Kedatangan Sir Alex Ferguson 30 tahun lalu menjadi awal rezim kesuksesan United di ranah Inggris setelah sempat meredup sepeninggal Sir Matt Busby. Sementara Liverpool sejak ditinggal Rafael Benitez seret trofi bergengsi (lupakan trofi Capital One Cup tahun 2012). Untuk English Premier League sendiri, mereka sudah puasa gelar 26 tahun. Iya, 26 tahun.

Secercah harapan muncul kala Jurgen Klopp datang dari Borussia Dortmund ke Kota Pelabuhan untuk menggantikan Brendan Rodgers. Pria berkacamata tersebut langsung diberikan beban berat seperti awal kedatangan Sir Alex Ferguson ke United kala itu: mengembalikan kejayaan klub.

Memang, Fergie baru bisa memberikan gelar pertamanya bagi United di musim keempatnya. Namun, selebihnya adalah sejarah, yang membuat United sampai saat ini sangat disegani sebagai salah satu tim terpopuler.

Maka ketika kini Klopp nyaris genap setahun menangani Liverpool, saya melihat ada beberapa hal yang patut diikuti Si Merah untuk mencontoh United.

Kebijakan transfer

Jika Anda seorang Kopites dan berharap Liverpool mendapatkan pemain sekelas Zlatan Ibrahimovic, maka lebih baik main FIFA atau PES saja. Liverpool tidak sudi membeli pemain gratis dengan label world class. The Reds lebih terpesona dengan yang tua dan sudah usang semacam Kolo Toure, Alex Maningger, dan Milan Jovanovic dengan status transfer yang sama.
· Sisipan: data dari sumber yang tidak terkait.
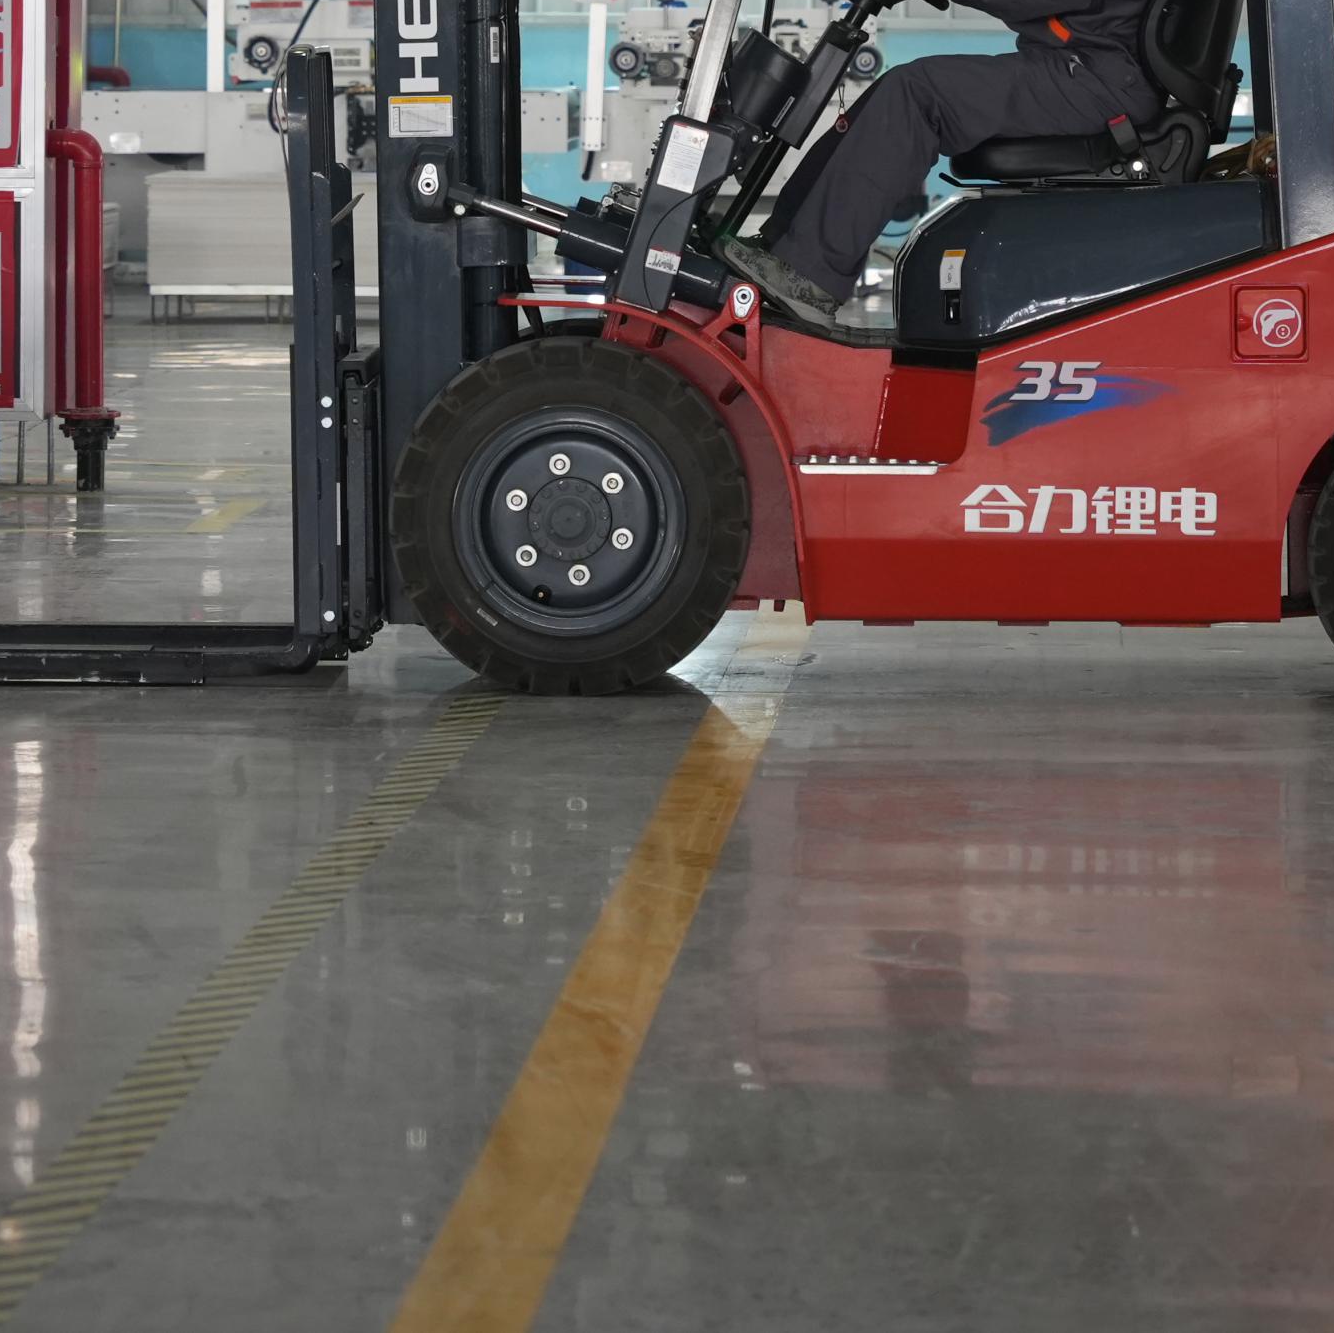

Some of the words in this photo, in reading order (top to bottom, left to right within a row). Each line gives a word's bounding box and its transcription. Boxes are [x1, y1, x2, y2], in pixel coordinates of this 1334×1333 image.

Paragraf di atas adalah sedikit celotehan saya yang lumayan shock dengan kebijakan transfer Manchester United dalam tiga setengah musim terakhir. Setan Merah terlihat jor-joran dalam mengeluarkan uang demi mendapatkan pemain incarannya. Seperti bukan Manchester United yang saya kenal di masa lalu, yang biasanya berhati-hati memilah pemain incaran.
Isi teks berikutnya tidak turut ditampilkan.